Adam Ifshin on Leasing Trends

12/18/2019
Adam Ifshin
Adam Ifshin

The open-air retail center sector remains strong. It’s just that it’s not your father’s or mother’s kind of retail anymore. While rents are steadily moving upward, we’re seeing different types of tenants at our centers. There is a growing number of special service providers such as OrangeTheory Fitness and Aspen Dental and fewer traditional retailers such as Payless or Bed Bath and Beyond. Here are three big trends we are seeing in leasing.

  1. Higher rents from smaller spaces. In 2019, DLC Management will be up 15% to 20% from last year in the amount of rent generated by new leasing activity. While deal counts are relatively flat, we see a great amount of that activity taking place in the under 10,000 sq. ft. range. Most chains going bankrupt and disappearing are those with larger retail footprints. Entering our centers, meanwhile, are brands like Chipotle, Starbucks, WellNow Urgent Care, and Club Pilates that operate within smaller formats.

That’s not to say that larger format stores are going away. We signed multiple deals with Ross Dress for Less, Burlington, LA Fitness, and HomeGoods this year. Retail real estate is a bifurcated marketplace. You have the big guys and the little guys simultaneously driving rents these days. The commonalities are value and wellness.

The trend of lease re-negotiation toward shorter durations has pretty much played out and settled down. Instead, larger-format chains are signing 10-year leases while smaller-format chains are entering five-year leases with options. As a landlord, we prefer 10-year over five-year, but we are still doing some 15- and 20-year leases in cases where we’re executing full-scale buildouts. In non-traditional uses like fitness and medical, longer lease terms are typical.

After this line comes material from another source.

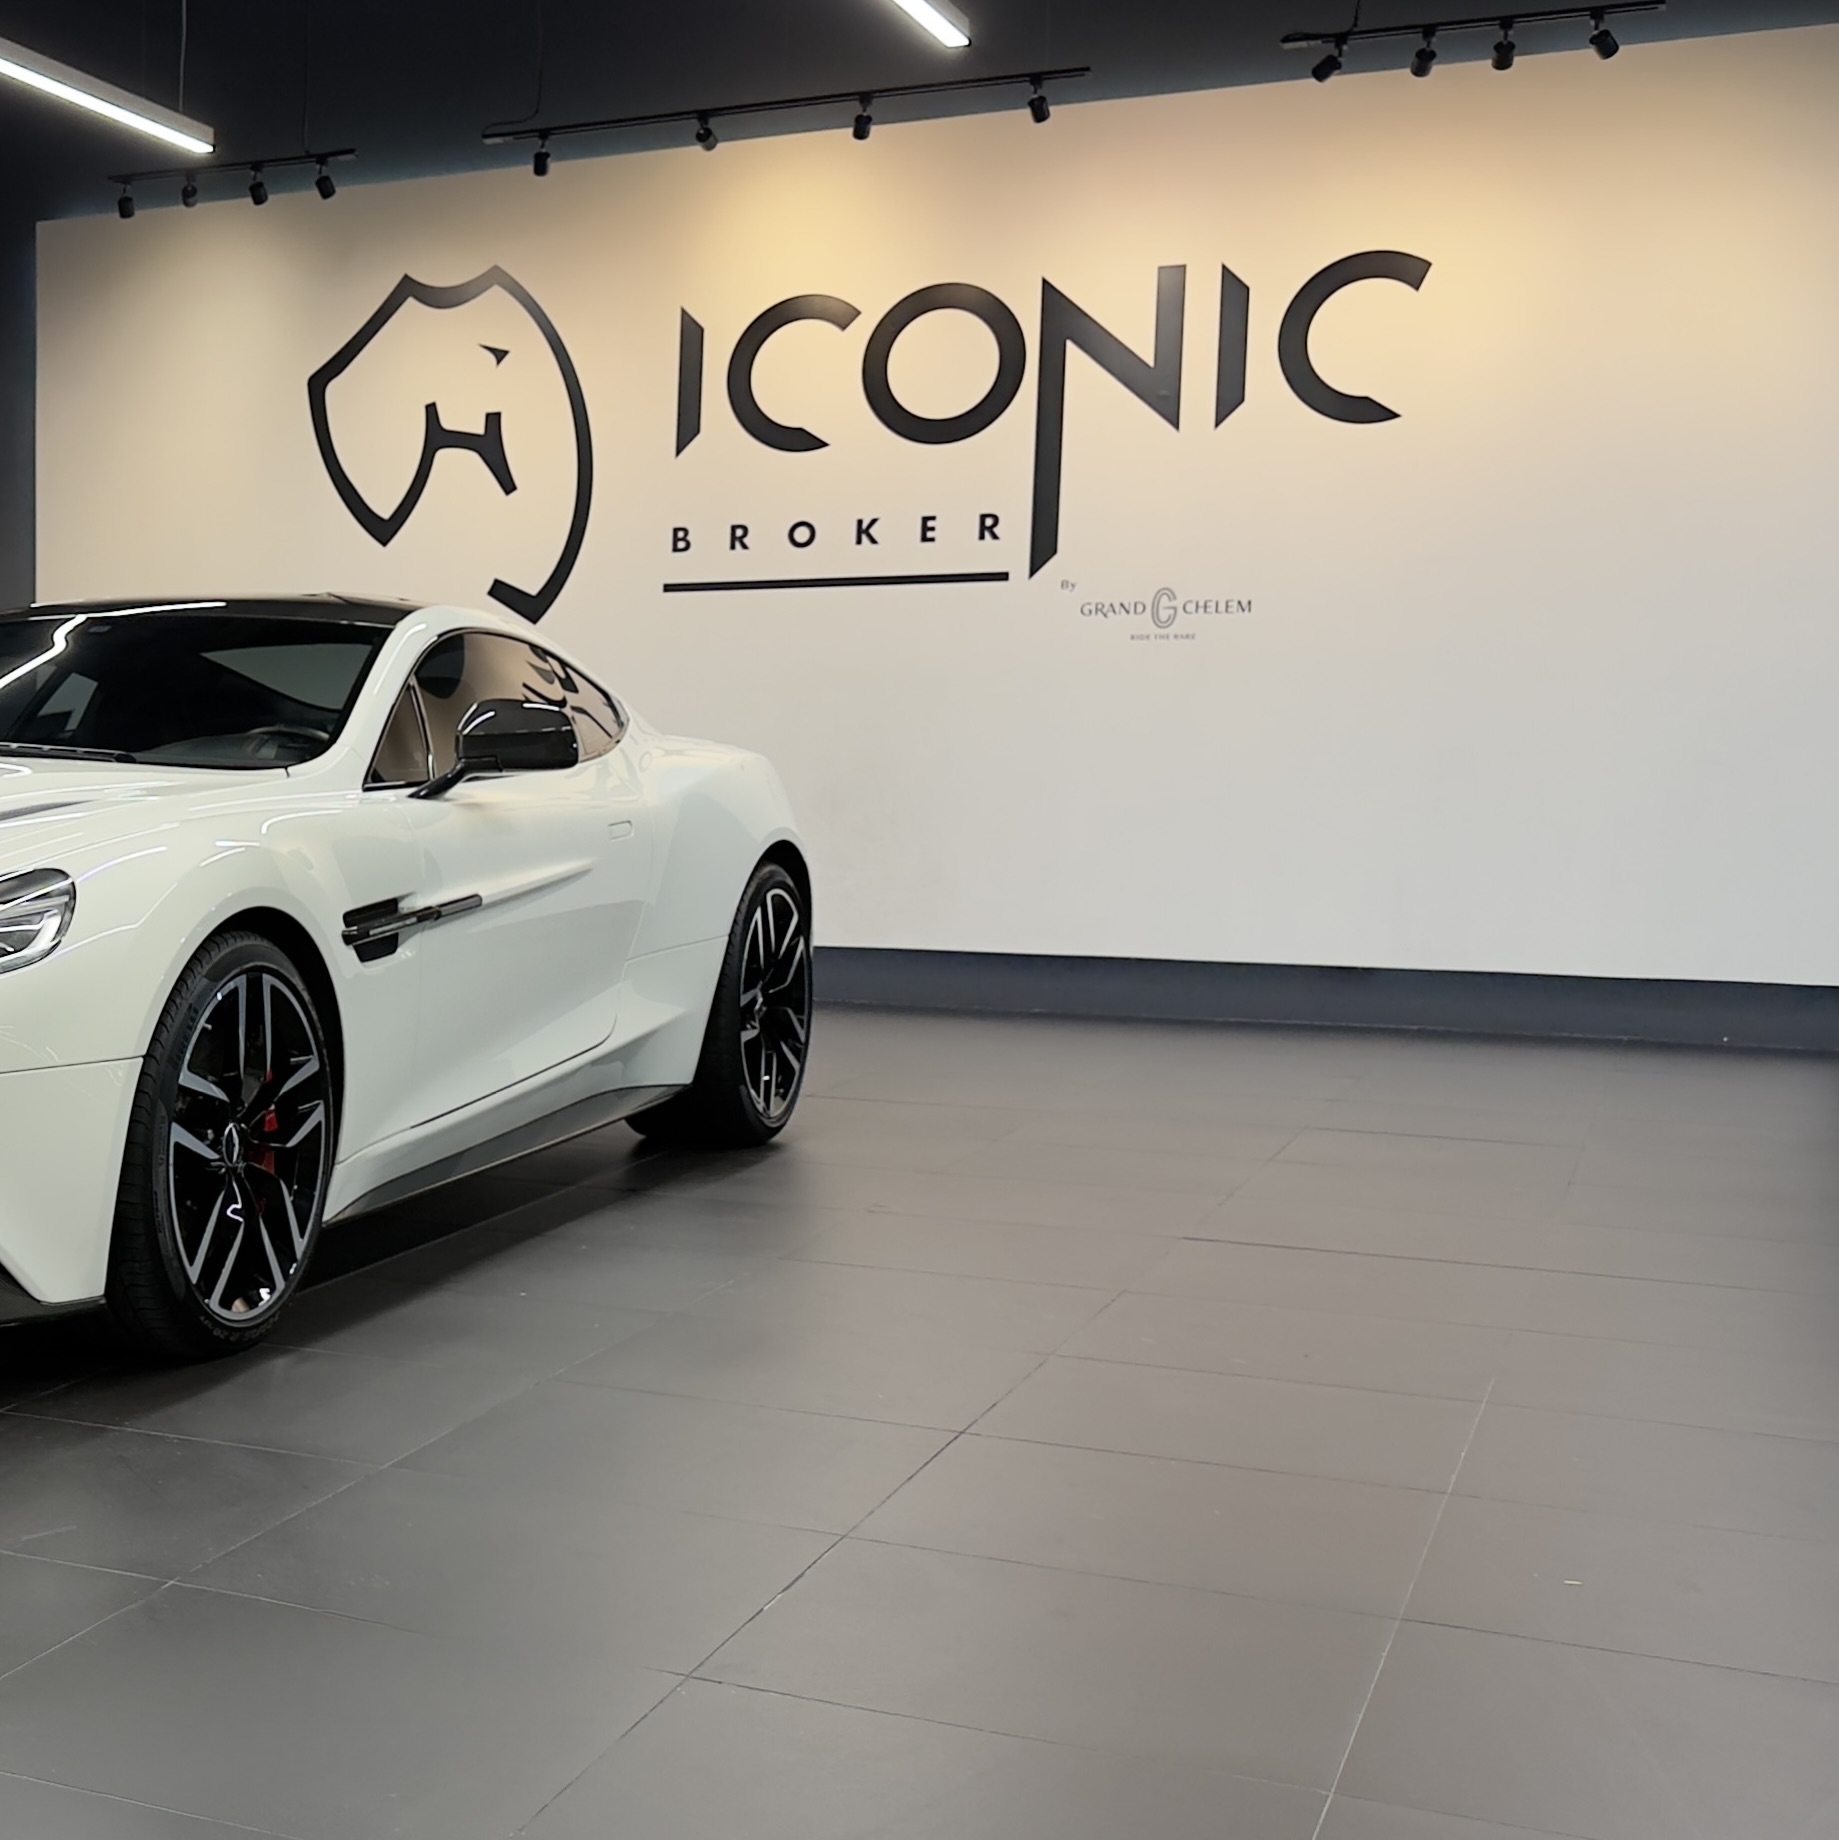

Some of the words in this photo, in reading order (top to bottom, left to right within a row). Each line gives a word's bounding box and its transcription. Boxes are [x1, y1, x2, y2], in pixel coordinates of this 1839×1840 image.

  1. Tenants want turnkey installations. One of the main reasons that tenants are paying higher rents is that they want you to build the space for them and construction costs are soaring.

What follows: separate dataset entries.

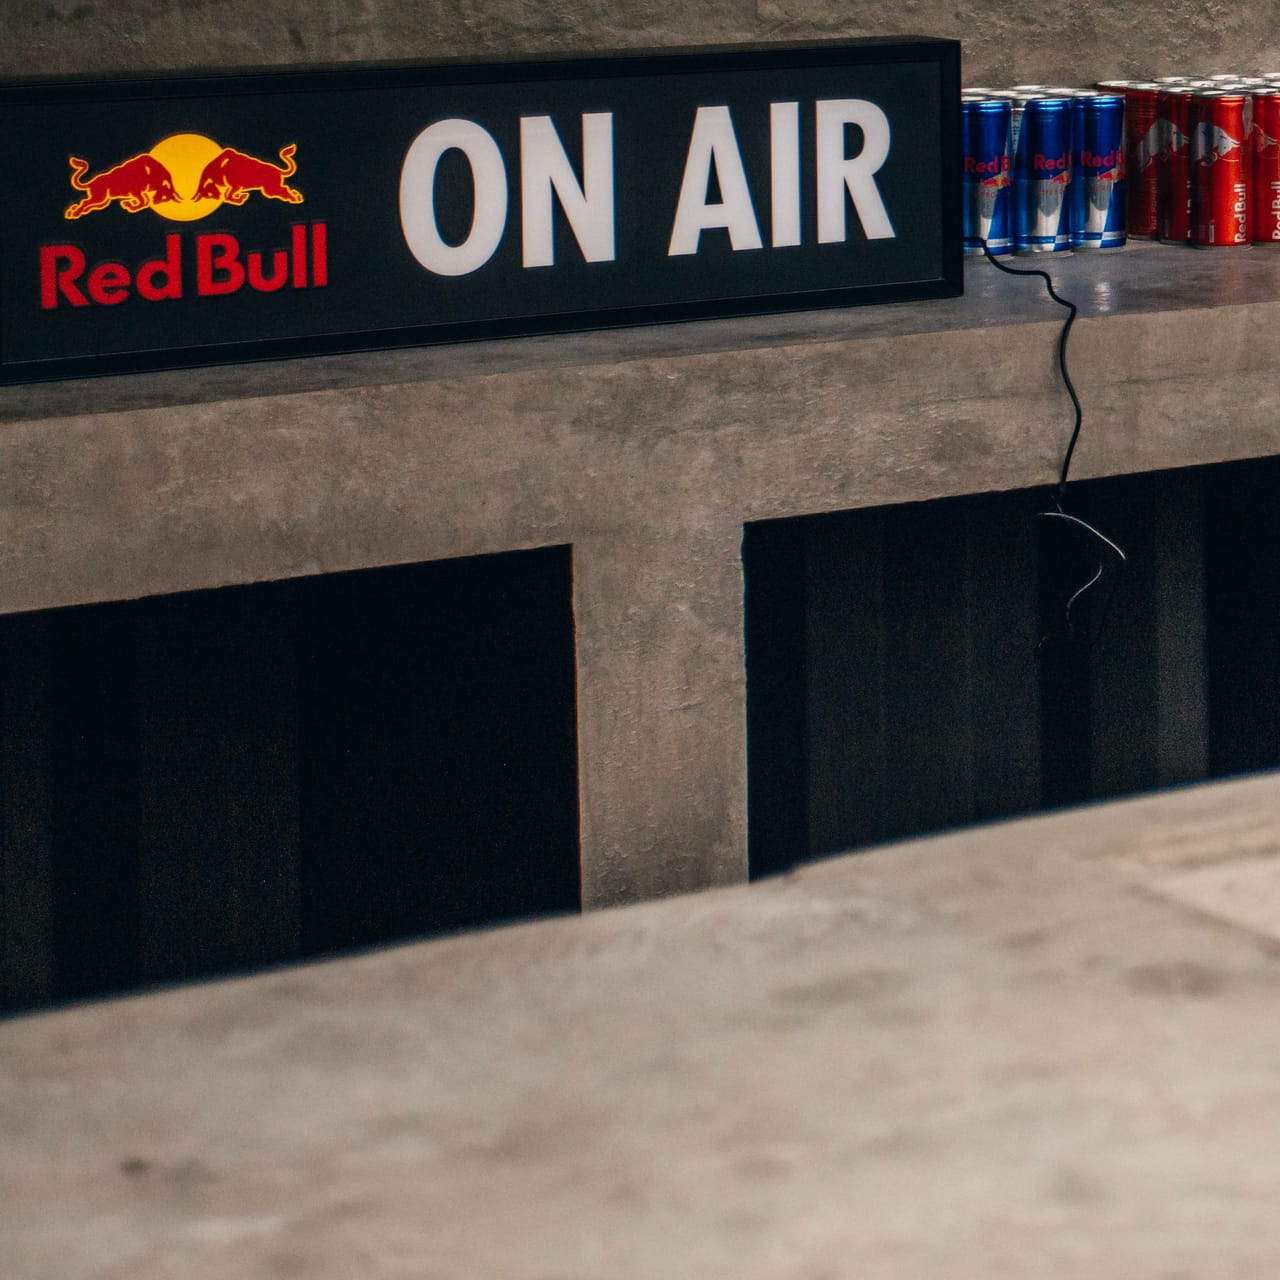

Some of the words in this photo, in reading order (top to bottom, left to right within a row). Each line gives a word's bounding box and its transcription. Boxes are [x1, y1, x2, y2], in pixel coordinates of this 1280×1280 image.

[964, 155, 999, 173] Red
[1034, 153, 1065, 170] Red
[1081, 150, 1116, 168] Red
[400, 111, 617, 277] ON
[668, 98, 896, 257] AIR
[1234, 184, 1246, 212] Bull
[1234, 214, 1246, 242] Red
[40, 233, 183, 309] Red
[196, 223, 328, 297] Bull
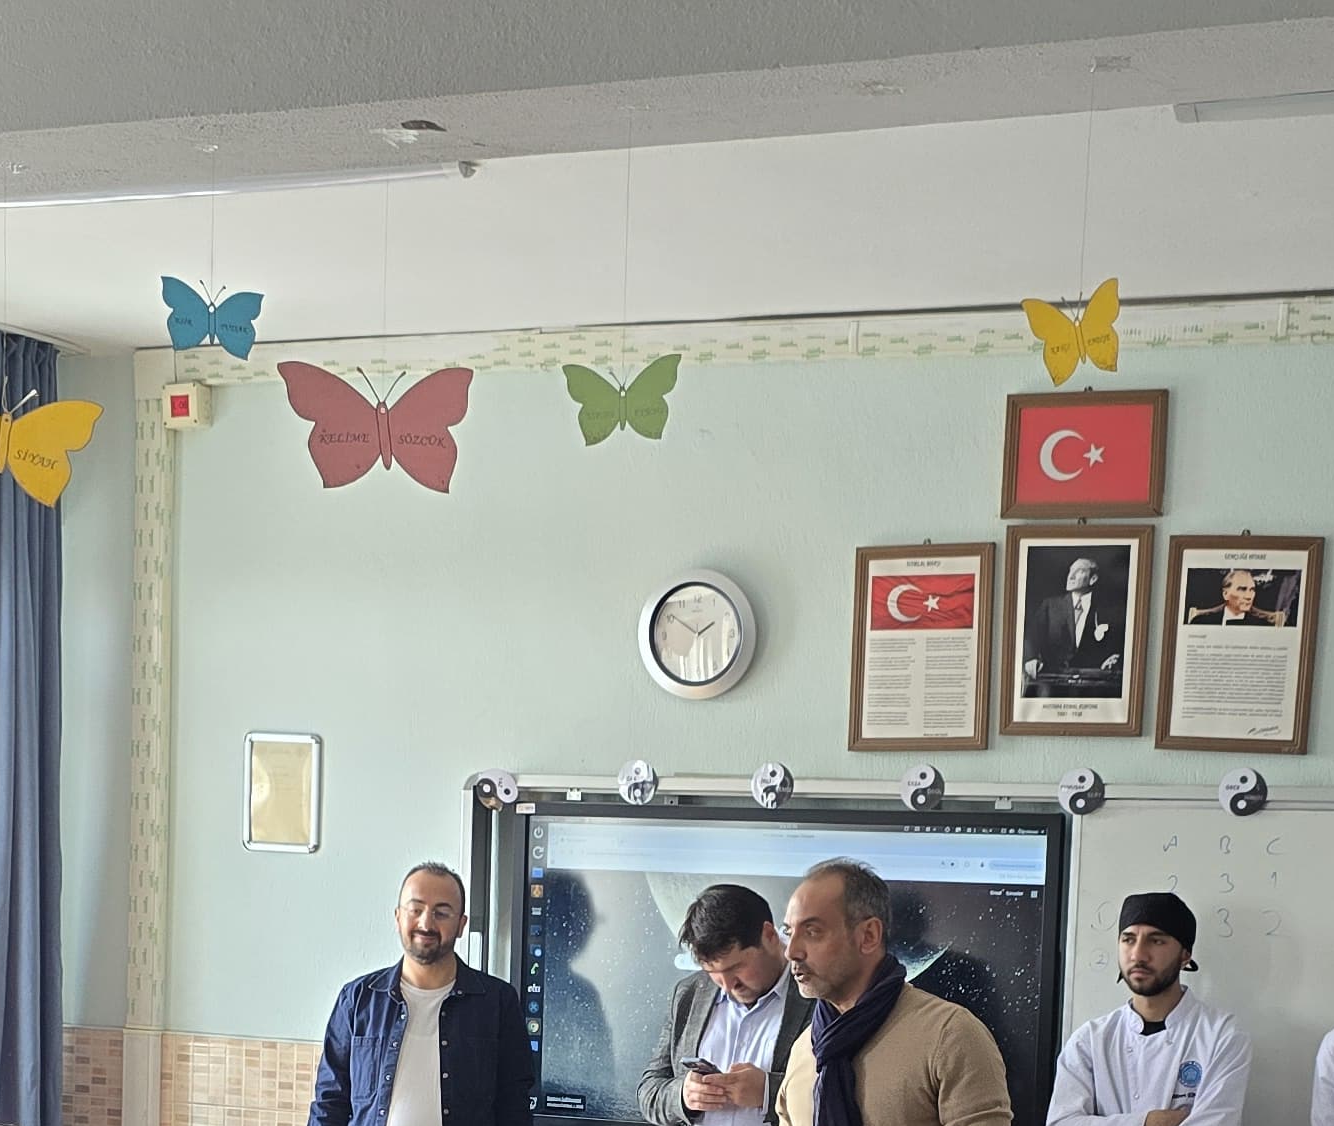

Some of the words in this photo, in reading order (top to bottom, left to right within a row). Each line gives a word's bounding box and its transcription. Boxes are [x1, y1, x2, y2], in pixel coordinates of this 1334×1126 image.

[318, 432, 370, 445] KELİME
[397, 433, 447, 448] SÖZCÜK
[14, 449, 58, 471] SİYAH
[1220, 873, 1235, 893] 3
[1217, 908, 1234, 938] 3
[1264, 910, 1290, 937] 2

It used to be the case that if we bought a shopping center with vacant box, there was no way that we weren’t going to make a profit leasing that empty box. Today, however, there are scenarios in which developers don’t make money on that box even if they didn’t pay anything for it in a deal. For example, if we buy a vacant box at a market cap rate and spend $100 per sq. ft. for renovation, it will be a struggle to generate $10 net per sq. ft. As such, there’s no reason to lease the box in certain markets. Vacancy continues to drive value creation, but it’s not universal. Selectivity is key.

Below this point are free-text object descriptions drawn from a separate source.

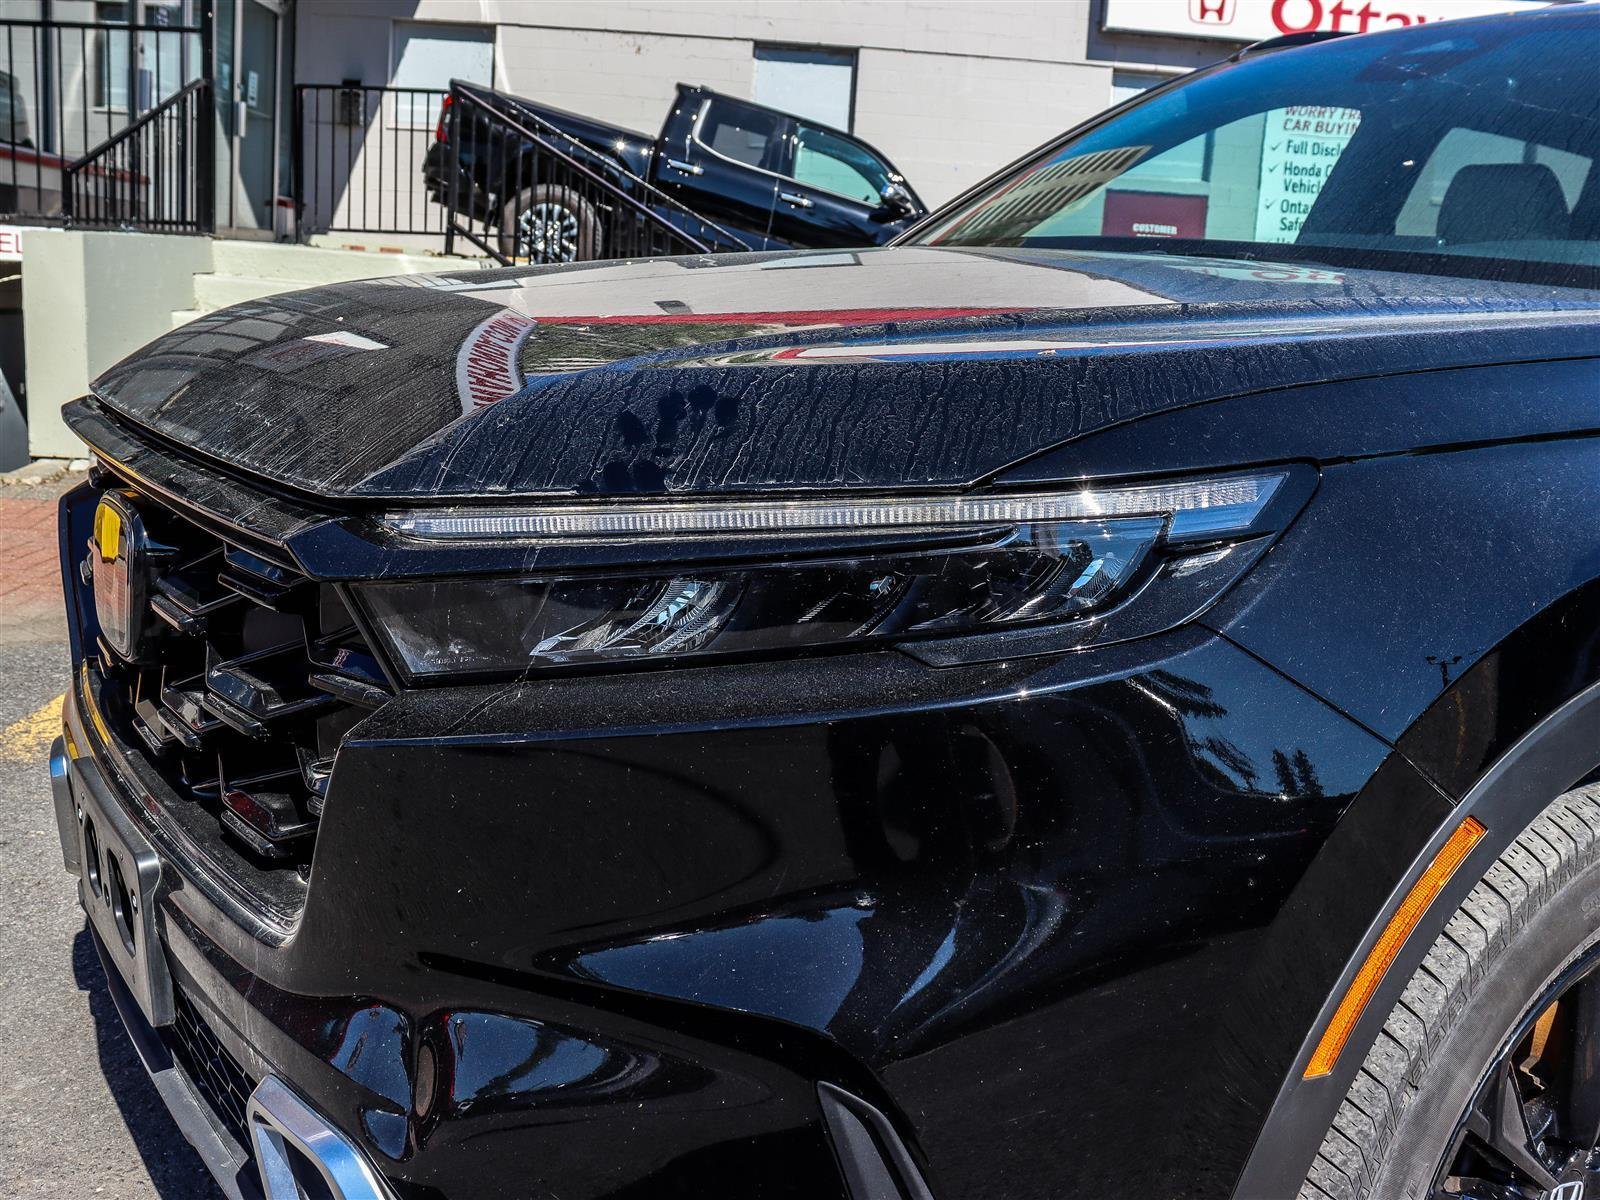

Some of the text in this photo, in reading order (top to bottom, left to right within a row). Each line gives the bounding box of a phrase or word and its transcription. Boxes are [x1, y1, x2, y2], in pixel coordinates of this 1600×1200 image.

[1285, 106, 1336, 119] WORRY
[1283, 119, 1312, 131] CAR
[1286, 140, 1308, 155] Full
[1284, 161, 1321, 177] Honda
[1132, 223, 1178, 235] CUSTOMER

Our costs depend on what tenants want and their needs vary greatly. If a tenant wants the lowest rent possible, a landlord may spend only $20 per sq. ft. on a buildout. On the other end of the spectrum, if a tenant wants to turn the old Kmart into a supermarket or a Dick’s Sporting Goods, it’s likely to be in the $100 to $130 per sq.ft. range. Furthermore, those costs are trending upward due to the shortage of construction labor and tariffs on imported materials. If a developer is going to invest that money in a buildout and not generate $10 to $14 in average net rent, there’s no money to be made.

  1. Changing tenant mix. As of October this year, DLC had executed 66 new leases for properties under 5000 sq. ft.—and not one of them was for an apparel brand!

Smaller apparel shops are migrating away from our open-air centers. The days of us going out and doing a portfolio review with Dress Barn, Ann Taylor, or rue21 are practically over as consumers nowadays shop for apparel at value oriented-retailers such as Burlington, Marshalls, and T. J. Maxx.

A new wave of tenants who provide experiential retailing or specialized services has moved into our open-air centers. For instance, our spaces have been filled by the urgent care clinic or healthy chain restaurants that can generate in excess of $400 a square foot in sales and can afford to pay higher rent. To name a few, LA Fitness, Aspen Dental, Chipotle, and Verizon are the types of retail businesses that continue to bring consumers to our centers. Tenants that create traffic and dwell time, regardless of their use, continue to be a focus at DLC.

Agility and adaptability are becoming crucial to the success of our business. We have been working hard to strike the right balance between what consumers want and what tenants need to succeed. At the end of the day, it’s all about making retail places better for all.

Adam Ifshin is CEO of DLC Management Corp., based in Elmsford, N.Y.